Influence of dry density and water salinity on the swelling pressure and hydraulic conductivity of compacted GMZ01 bentonite–sand mixtures

Compacted Gaomiaozi bentonite–sand mixtures are regarded as attractive buffer/backfill materials for nuclear waste deep geological disposal. When the mixture blocks are emplaced, the bentonite dry density as well as the salinity of groundwater is of primary importance for their hydro-mechanical behavior. In this study, the influences of bentonite dry density and water salinity on the swelling pressure and saturated hydraulic conductivity of such mixtures are investigated using the constant volume method. Results indicated that for mixtures having a low sand content, the swelling pressure was only associated with the bentonite dry density, while the hydraulic conductivity was influenced by the presence of sand particles. Exponential relationships were noted among the final swelling pressure, the saturated hydraulic conductivity, and bentonite dry density on the case of distilled water and salt solutions infiltrating.
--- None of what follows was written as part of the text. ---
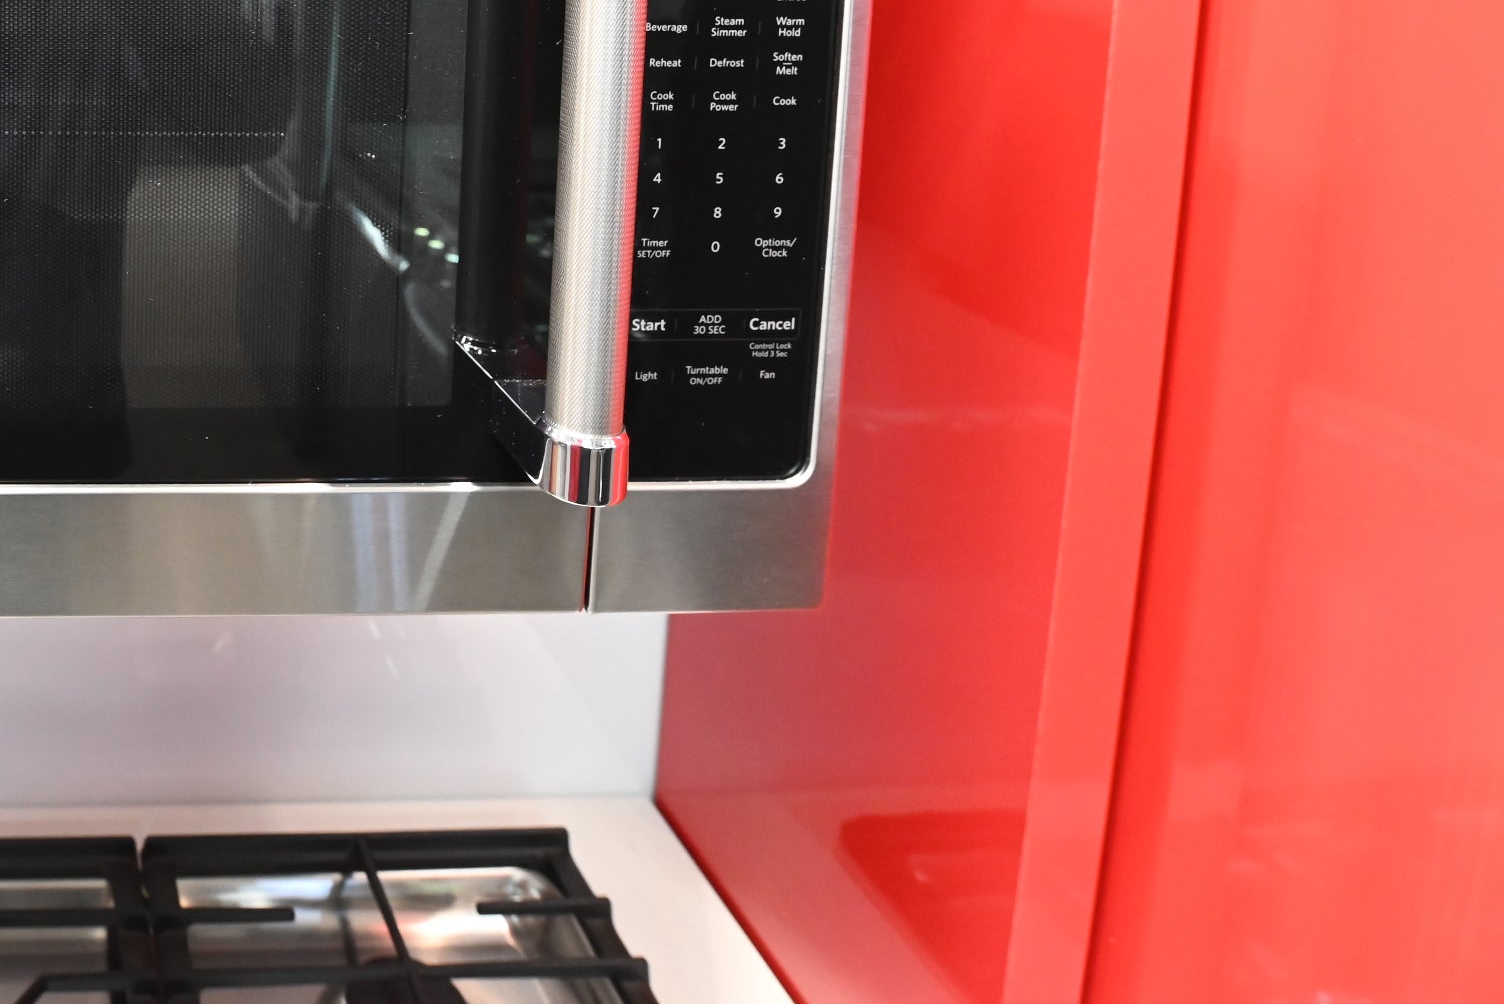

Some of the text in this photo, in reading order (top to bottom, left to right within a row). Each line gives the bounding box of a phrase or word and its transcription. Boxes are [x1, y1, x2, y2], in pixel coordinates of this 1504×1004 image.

As the salt concentration increased, the swelling pressure and hydraulic conductivity decreased and increased, respectively, and the effects became less significant as the bentonite dry density increased. The higher swelling pressure and lower hydraulic conductivity on specimens infiltrated with calcium chloride solutions were a result of cation exchange reactions and a competition between the swelling potential change caused by the calcium ions in the interlayer of smectite and electrolyte solutions. The present work can provide a reference for the design of dry density of bentonite–sand mixtures as buffer/backfill materials for deep geological disposal.